B.C. government says Surrey to continue with municipal police force, not RCMP
CTV
The long tug-of-war over policing in B.C.'s second-largest city could be coming to an end after the provincial government mandated that Surrey move forward with a municipal force, rather than revert back to the RCMP.
The long tug-of-war over policing in B.C.'s second-largest city could be coming to an end after the provincial government mandated that Surrey move forward with a municipal force, rather than revert back to the RCMP.
Announcing the decision on Wednesday, Public Safety Minister Mike Farnworth said Surrey officials had failed to prove they could maintain public safety while reversing the city's transition to the Surrey Police Service.
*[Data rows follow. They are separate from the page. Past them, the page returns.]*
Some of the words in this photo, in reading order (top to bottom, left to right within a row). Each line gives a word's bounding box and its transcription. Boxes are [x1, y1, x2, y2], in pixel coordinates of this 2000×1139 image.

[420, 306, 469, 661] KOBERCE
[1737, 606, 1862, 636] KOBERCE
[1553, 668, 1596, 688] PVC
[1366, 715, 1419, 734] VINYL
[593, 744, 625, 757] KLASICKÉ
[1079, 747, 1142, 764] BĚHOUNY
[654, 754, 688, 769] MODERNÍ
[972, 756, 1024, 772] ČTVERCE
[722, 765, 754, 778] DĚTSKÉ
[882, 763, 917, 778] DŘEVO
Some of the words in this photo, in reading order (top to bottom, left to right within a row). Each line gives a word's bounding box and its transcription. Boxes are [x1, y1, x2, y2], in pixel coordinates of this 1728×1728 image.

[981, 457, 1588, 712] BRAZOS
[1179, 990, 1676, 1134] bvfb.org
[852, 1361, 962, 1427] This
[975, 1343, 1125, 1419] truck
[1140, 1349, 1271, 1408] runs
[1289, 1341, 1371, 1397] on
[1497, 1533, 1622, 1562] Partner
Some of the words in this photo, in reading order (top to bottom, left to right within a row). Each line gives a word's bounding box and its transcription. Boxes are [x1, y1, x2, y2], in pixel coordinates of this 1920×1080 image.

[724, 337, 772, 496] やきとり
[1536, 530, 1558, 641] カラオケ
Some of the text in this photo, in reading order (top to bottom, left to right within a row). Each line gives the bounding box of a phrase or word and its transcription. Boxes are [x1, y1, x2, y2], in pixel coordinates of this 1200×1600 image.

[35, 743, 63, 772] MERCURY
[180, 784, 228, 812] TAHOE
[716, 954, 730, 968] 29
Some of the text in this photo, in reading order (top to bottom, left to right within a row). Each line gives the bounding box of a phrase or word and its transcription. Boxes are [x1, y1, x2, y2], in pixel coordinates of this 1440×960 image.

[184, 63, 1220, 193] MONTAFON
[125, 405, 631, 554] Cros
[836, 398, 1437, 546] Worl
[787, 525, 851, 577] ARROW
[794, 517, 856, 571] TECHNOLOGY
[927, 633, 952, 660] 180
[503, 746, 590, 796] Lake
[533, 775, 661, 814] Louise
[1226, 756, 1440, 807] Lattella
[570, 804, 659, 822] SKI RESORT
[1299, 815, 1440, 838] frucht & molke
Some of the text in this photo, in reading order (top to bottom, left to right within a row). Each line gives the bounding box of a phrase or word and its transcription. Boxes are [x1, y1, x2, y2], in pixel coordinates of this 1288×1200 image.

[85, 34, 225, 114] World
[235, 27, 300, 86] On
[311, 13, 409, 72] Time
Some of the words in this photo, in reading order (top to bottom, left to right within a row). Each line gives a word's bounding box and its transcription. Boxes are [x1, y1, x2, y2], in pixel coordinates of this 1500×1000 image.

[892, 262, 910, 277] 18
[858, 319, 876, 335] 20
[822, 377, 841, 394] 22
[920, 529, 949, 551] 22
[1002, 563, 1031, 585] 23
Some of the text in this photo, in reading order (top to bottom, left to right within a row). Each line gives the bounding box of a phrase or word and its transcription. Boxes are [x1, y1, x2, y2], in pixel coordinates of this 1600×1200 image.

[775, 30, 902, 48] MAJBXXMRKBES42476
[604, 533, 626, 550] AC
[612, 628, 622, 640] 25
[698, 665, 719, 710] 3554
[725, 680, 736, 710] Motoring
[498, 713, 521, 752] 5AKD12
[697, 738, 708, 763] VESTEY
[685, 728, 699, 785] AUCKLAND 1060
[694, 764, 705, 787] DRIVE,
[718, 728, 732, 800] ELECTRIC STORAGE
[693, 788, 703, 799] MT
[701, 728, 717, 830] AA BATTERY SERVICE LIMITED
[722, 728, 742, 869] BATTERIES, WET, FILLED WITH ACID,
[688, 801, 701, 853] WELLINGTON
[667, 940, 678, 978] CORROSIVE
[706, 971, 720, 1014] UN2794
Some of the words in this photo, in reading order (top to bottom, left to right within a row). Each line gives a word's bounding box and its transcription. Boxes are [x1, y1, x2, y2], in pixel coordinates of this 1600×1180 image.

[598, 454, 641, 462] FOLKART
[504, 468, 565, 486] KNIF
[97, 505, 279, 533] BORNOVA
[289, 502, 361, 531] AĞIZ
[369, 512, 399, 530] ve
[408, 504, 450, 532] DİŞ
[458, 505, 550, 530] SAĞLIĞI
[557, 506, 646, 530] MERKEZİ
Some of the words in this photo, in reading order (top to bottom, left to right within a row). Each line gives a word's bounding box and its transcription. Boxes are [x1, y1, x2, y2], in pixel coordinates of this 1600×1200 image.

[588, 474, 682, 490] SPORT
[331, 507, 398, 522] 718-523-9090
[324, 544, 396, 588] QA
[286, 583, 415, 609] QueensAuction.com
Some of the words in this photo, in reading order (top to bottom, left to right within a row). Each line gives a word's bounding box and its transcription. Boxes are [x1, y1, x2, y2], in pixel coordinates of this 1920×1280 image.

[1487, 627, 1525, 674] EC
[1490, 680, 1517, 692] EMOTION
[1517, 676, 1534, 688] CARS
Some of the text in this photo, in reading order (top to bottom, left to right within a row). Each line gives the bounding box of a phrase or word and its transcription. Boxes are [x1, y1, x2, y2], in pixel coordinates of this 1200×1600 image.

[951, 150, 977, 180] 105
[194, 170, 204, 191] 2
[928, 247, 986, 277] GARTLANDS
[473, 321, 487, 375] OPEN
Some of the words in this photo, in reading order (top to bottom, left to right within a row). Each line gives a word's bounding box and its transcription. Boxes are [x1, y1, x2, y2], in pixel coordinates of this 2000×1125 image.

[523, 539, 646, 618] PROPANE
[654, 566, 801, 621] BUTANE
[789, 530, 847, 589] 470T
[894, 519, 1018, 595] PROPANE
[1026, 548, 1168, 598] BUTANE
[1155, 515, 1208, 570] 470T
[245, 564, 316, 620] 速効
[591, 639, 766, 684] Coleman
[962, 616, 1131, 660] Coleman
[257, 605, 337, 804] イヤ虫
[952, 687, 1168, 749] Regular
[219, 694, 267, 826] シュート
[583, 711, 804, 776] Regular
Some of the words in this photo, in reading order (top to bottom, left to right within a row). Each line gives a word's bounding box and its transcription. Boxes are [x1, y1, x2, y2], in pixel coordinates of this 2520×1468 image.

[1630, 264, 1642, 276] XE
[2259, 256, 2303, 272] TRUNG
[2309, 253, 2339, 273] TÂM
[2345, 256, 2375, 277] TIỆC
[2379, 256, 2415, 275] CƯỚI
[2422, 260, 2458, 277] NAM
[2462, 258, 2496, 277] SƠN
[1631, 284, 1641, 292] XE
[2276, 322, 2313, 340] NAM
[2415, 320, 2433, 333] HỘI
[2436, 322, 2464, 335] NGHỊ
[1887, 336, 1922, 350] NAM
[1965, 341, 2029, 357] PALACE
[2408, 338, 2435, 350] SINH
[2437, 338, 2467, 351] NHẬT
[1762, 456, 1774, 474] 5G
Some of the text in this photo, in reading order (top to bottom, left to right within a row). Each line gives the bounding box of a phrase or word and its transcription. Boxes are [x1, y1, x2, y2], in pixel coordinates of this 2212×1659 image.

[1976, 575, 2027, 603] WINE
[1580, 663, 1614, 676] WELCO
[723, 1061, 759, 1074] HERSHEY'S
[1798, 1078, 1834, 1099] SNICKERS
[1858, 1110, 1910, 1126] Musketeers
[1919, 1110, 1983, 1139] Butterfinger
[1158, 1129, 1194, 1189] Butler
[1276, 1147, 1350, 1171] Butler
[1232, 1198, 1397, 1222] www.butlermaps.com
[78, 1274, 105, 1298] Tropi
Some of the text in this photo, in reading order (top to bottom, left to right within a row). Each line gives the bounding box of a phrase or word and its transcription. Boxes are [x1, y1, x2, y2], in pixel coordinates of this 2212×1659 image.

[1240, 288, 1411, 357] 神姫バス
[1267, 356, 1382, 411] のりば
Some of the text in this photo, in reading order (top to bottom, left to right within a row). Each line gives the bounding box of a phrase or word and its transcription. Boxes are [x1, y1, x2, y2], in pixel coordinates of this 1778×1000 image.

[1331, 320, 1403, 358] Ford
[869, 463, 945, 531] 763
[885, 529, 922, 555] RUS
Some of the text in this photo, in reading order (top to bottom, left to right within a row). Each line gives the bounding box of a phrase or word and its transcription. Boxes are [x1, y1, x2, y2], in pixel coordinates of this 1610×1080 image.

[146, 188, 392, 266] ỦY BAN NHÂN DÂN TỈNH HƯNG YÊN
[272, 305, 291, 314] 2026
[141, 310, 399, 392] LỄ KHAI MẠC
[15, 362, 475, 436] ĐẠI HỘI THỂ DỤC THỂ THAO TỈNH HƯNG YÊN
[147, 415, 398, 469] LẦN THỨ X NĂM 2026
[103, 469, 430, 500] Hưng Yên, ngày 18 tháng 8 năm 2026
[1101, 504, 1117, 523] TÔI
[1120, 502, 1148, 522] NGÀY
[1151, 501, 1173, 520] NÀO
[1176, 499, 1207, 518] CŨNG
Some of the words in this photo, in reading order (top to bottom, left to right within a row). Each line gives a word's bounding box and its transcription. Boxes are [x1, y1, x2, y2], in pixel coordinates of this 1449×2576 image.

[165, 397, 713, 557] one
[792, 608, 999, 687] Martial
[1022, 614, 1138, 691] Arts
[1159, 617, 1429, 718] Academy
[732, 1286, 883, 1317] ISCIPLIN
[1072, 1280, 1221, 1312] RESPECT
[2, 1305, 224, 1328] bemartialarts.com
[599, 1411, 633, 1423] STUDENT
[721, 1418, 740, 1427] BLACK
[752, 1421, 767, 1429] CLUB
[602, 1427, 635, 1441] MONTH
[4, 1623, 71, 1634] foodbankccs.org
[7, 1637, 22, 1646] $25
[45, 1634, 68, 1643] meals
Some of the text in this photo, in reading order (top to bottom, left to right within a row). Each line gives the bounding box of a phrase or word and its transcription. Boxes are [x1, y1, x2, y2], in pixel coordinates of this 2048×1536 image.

"People's safety, in Surrey and across the province, is non-negotiable. The city has failed to
meet the requirements I placed to prevent a situation where there are not enough police
officers to keep people safe," Farnworth said in a statement.
Provincial officials expressed concerns that transitioning between police forces again – roughly three years after the SPS was first established, and less than two years after the first officers began patrolling the streets – could trigger a law enforcement crisis in the city and beyond.
The Ministry of Public Safety raised the notion of an "exodus" of SPS officers amid the transition that would leave an inadequate number of boots on the ground. Officials also said Surrey lacked plans to re-staff the Surrey RCMP without pulling officers from other communities that are already facing their own staffing problems.